◆ TASK STATEMENT ◆
Transcribe each record exactly, but omit pictures.

◆ Annotated photo localization data ◆
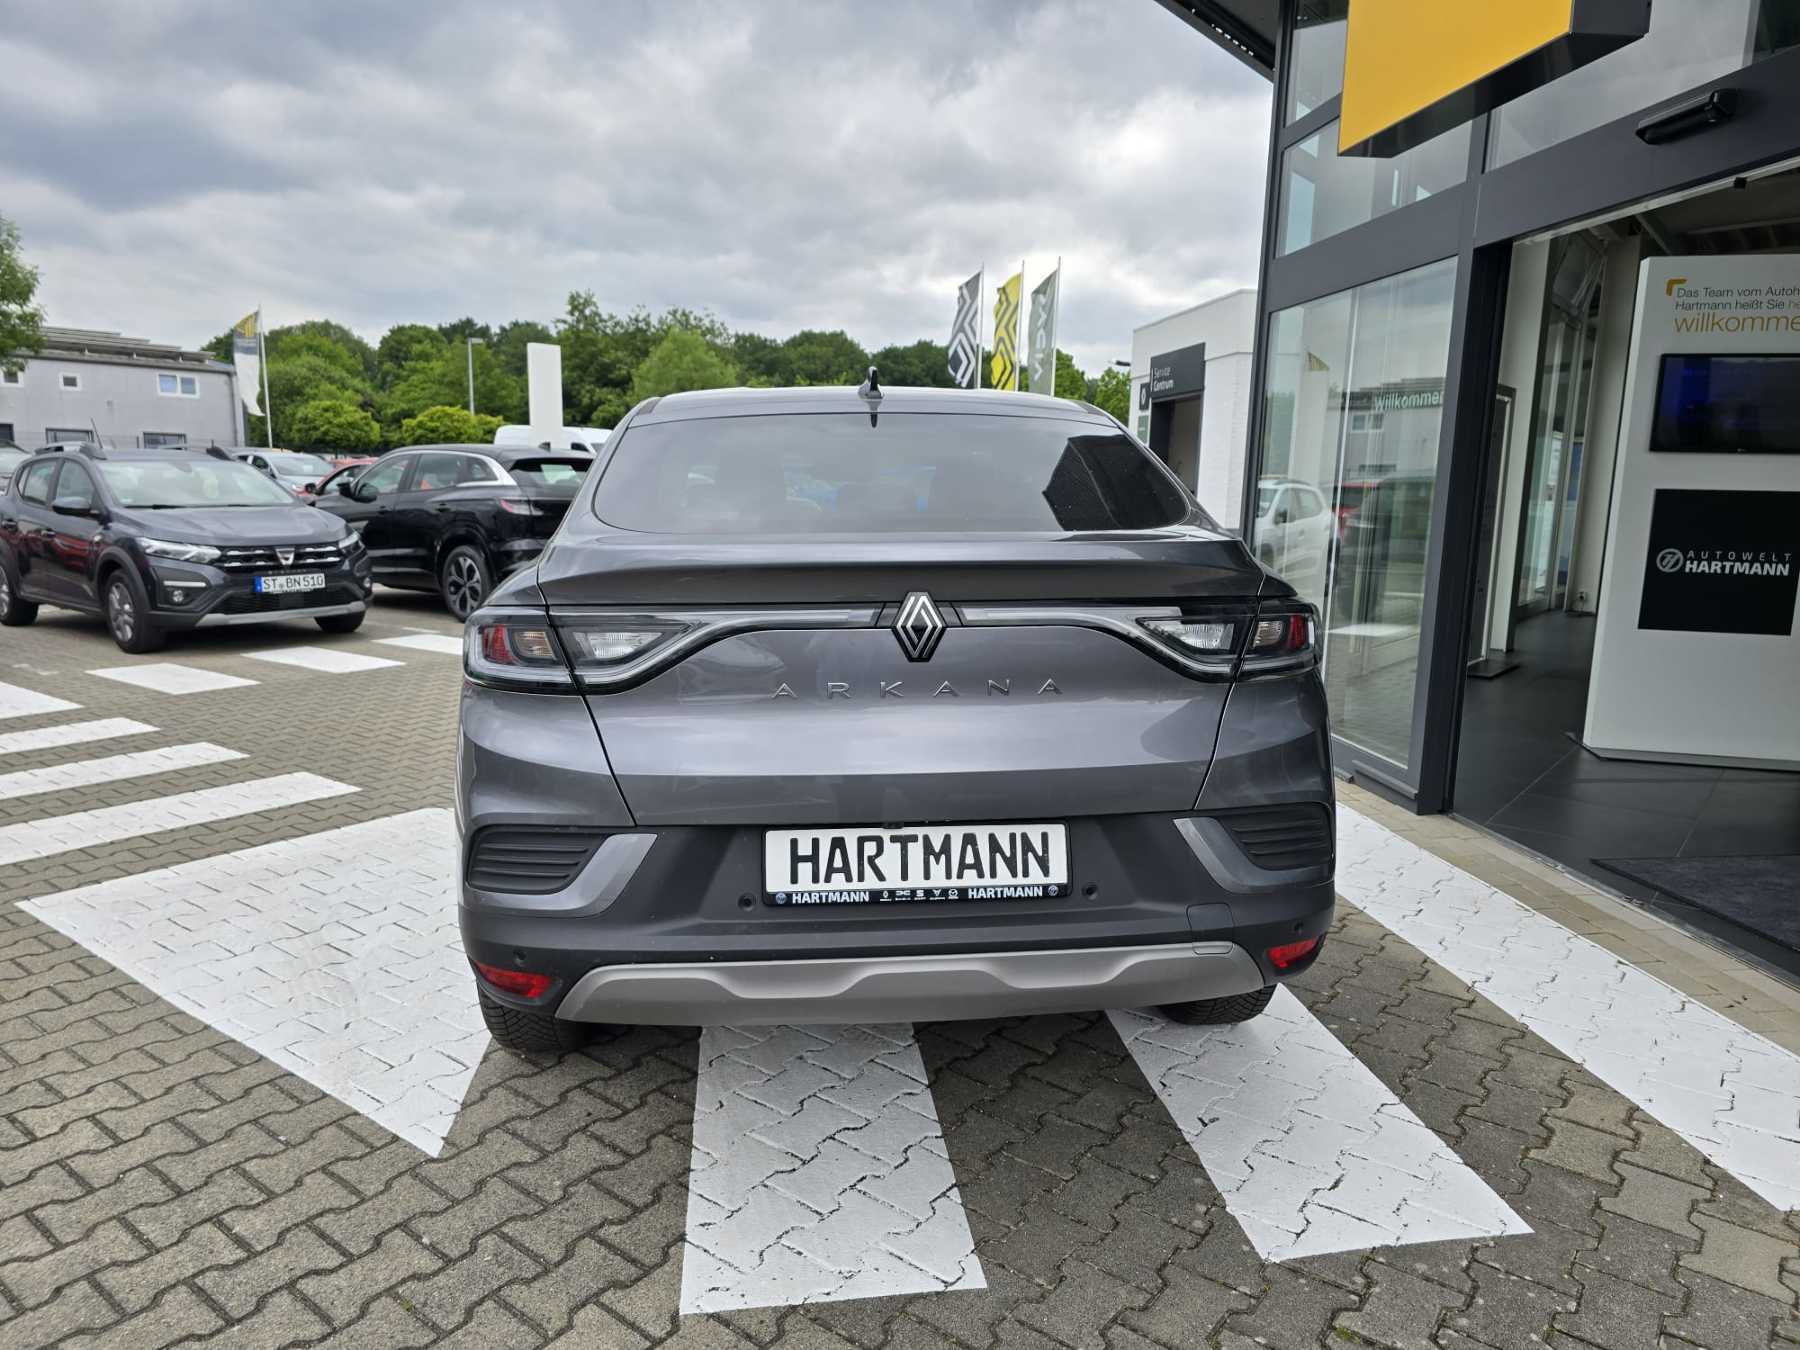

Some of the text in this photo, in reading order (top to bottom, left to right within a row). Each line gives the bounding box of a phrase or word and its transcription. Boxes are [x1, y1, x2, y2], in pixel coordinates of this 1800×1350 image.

[1677, 287, 1699, 298] Das
[1703, 287, 1733, 298] Team
[1737, 288, 1761, 297] vom
[1675, 300, 1732, 311] Hartmann
[1735, 299, 1763, 310] heißt
[1766, 299, 1785, 310] Sie
[1686, 550, 1792, 562] AUTOWELT
[1685, 560, 1790, 576] HARTMANN
[263, 575, 324, 590] ST BN 510
[771, 678, 1062, 699] ARKANA
[789, 831, 1050, 884] HARTMANN
[792, 891, 870, 904] HARTMANN
[967, 886, 1043, 899] HARTMANN
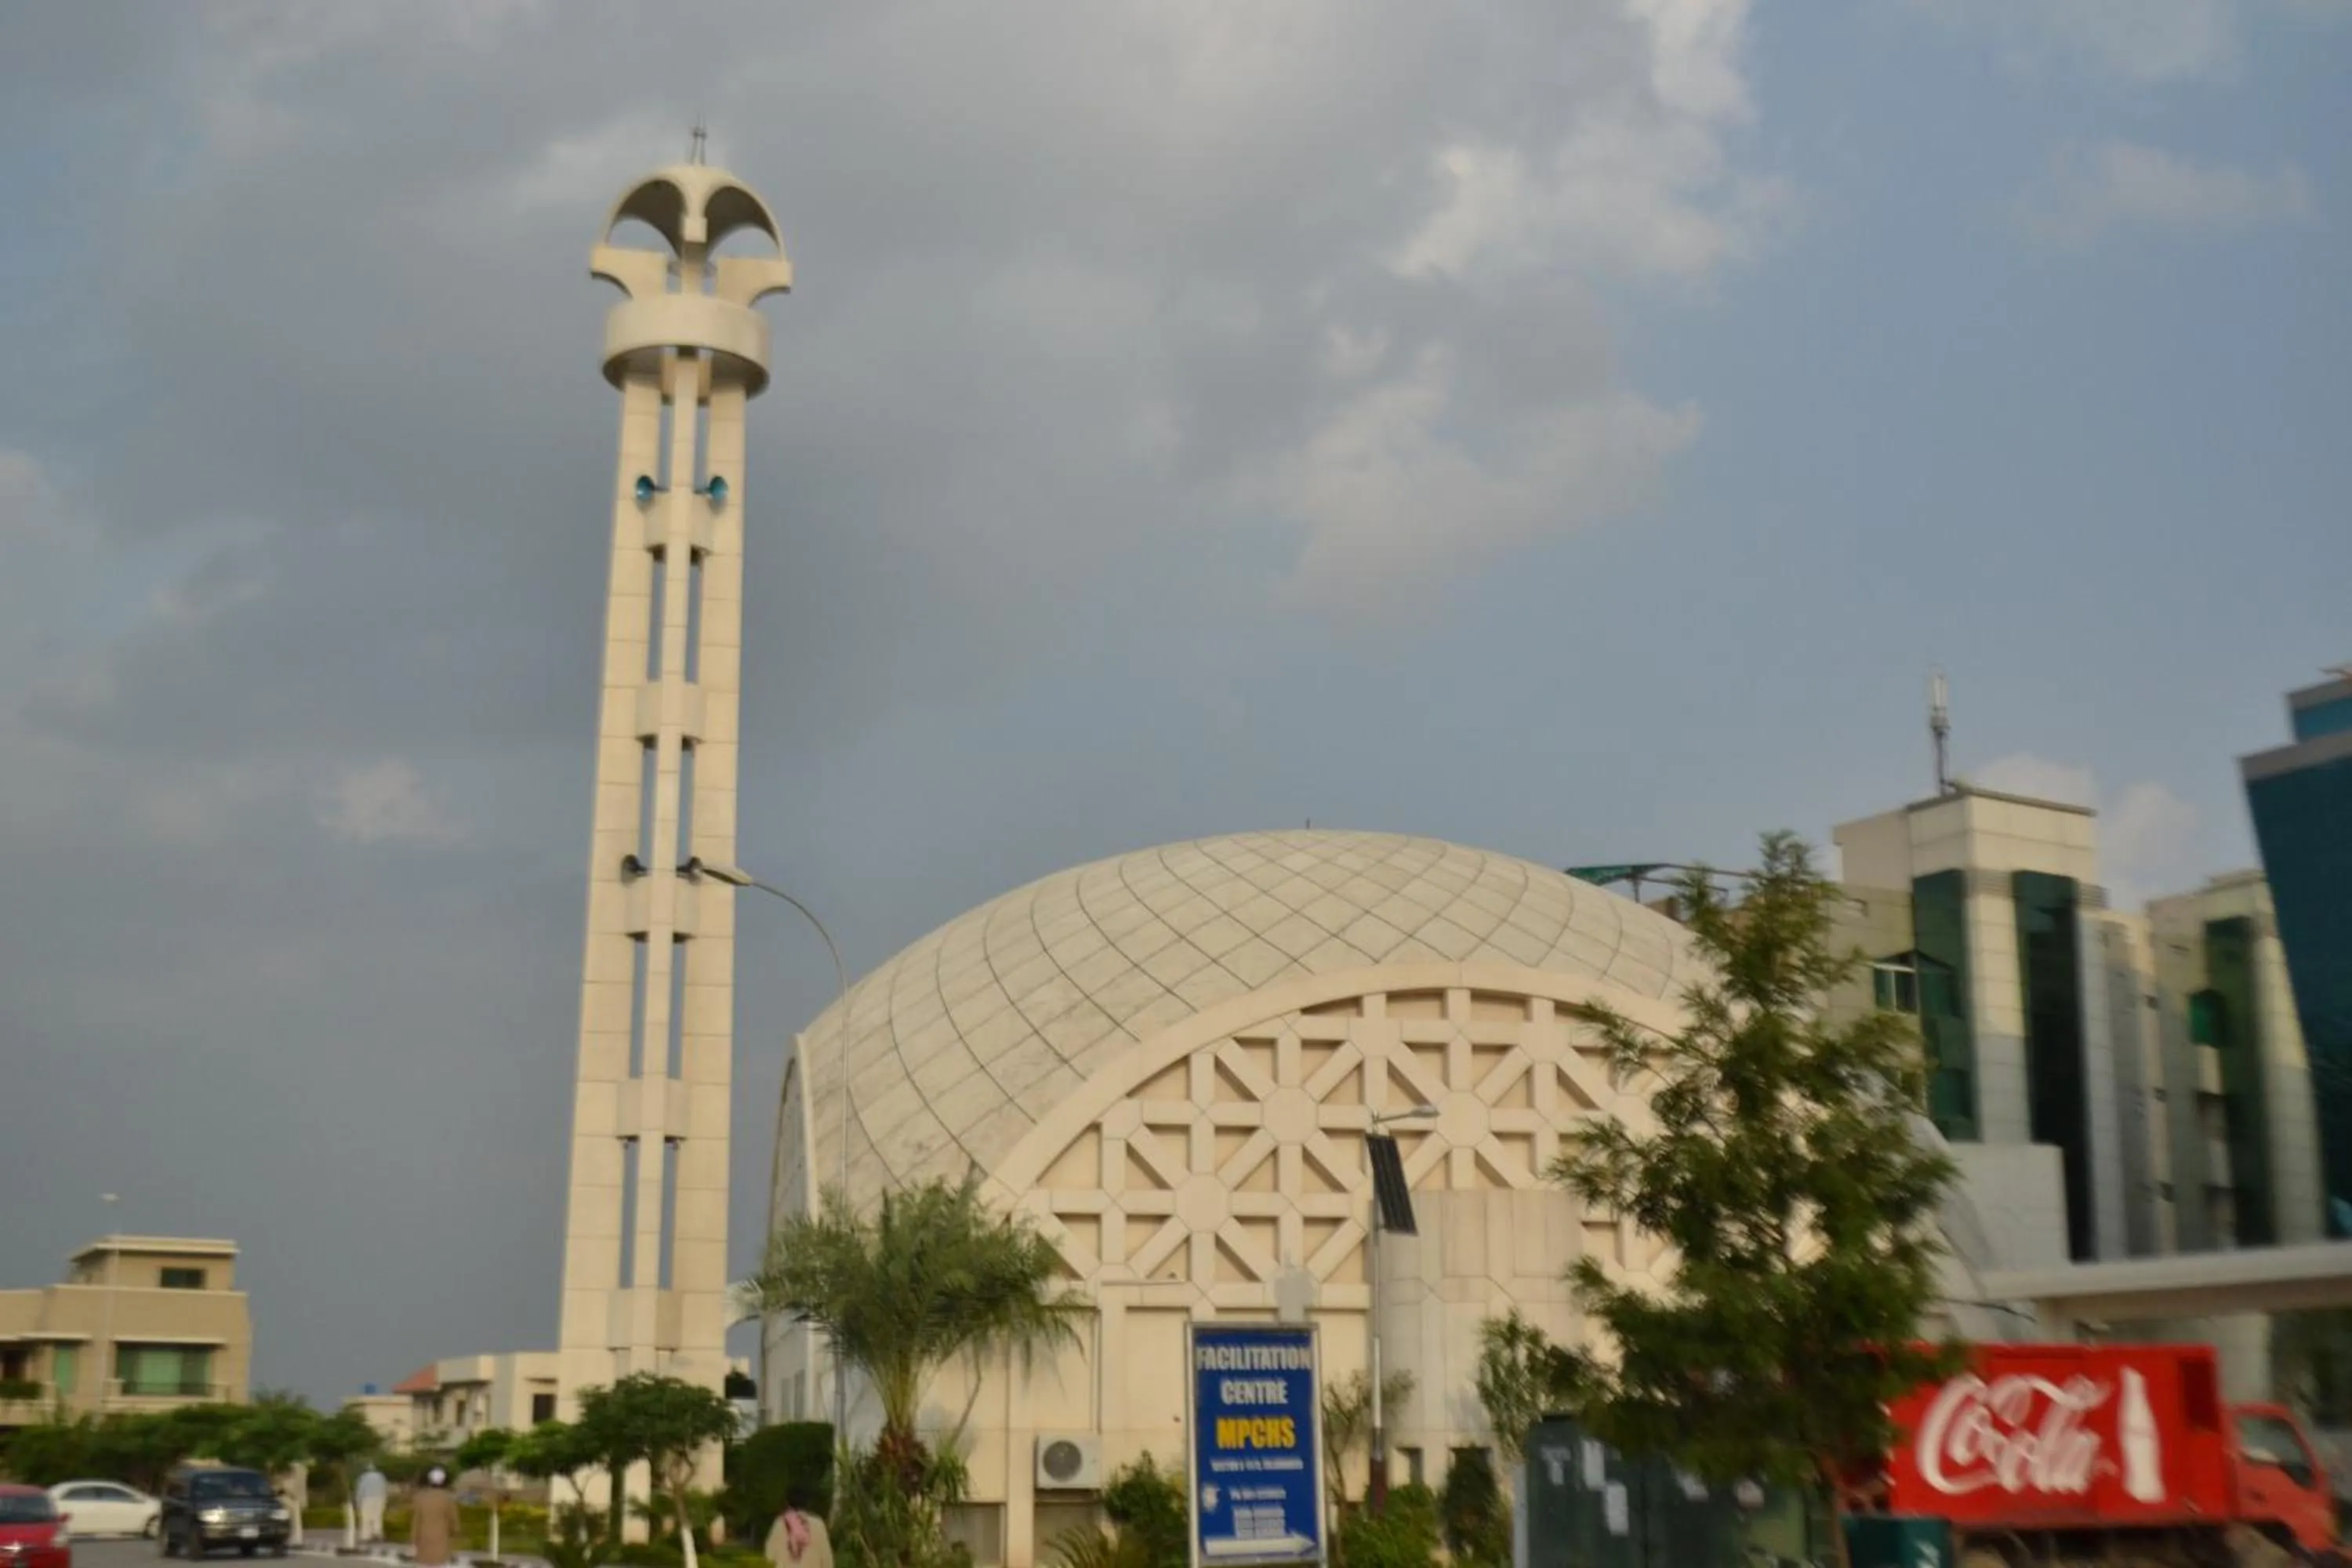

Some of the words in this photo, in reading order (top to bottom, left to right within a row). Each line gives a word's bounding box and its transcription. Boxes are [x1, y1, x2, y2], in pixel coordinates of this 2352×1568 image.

[1196, 1345, 1312, 1370] FACILITATION
[1220, 1379, 1289, 1405] CENTRE
[1217, 1417, 1296, 1449] MPCHS

◆ ANSWER BELOW ◆
Some of the text in this photo, in reading order (top to bottom, left to right within a row). Each line gives the bounding box of a phrase or word and its transcription. Boxes are [x1, y1, x2, y2], in pixel coordinates of this 1800×1350 image.

[1677, 287, 1699, 298] Das
[1703, 287, 1733, 298] Team
[1737, 288, 1761, 297] vom
[1675, 300, 1732, 311] Hartmann
[1735, 299, 1763, 310] heißt
[1766, 299, 1785, 310] Sie
[1686, 550, 1792, 562] AUTOWELT
[1685, 560, 1790, 576] HARTMANN
[263, 575, 324, 590] ST BN 510
[771, 678, 1062, 699] ARKANA
[789, 831, 1050, 884] HARTMANN
[792, 891, 870, 904] HARTMANN
[967, 886, 1043, 899] HARTMANN

Some of the words in this photo, in reading order (top to bottom, left to right within a row). Each line gives a word's bounding box and its transcription. Boxes are [x1, y1, x2, y2], in pixel coordinates of this 2352×1568 image.

[1196, 1345, 1312, 1370] FACILITATION
[1220, 1379, 1289, 1405] CENTRE
[1217, 1417, 1296, 1449] MPCHS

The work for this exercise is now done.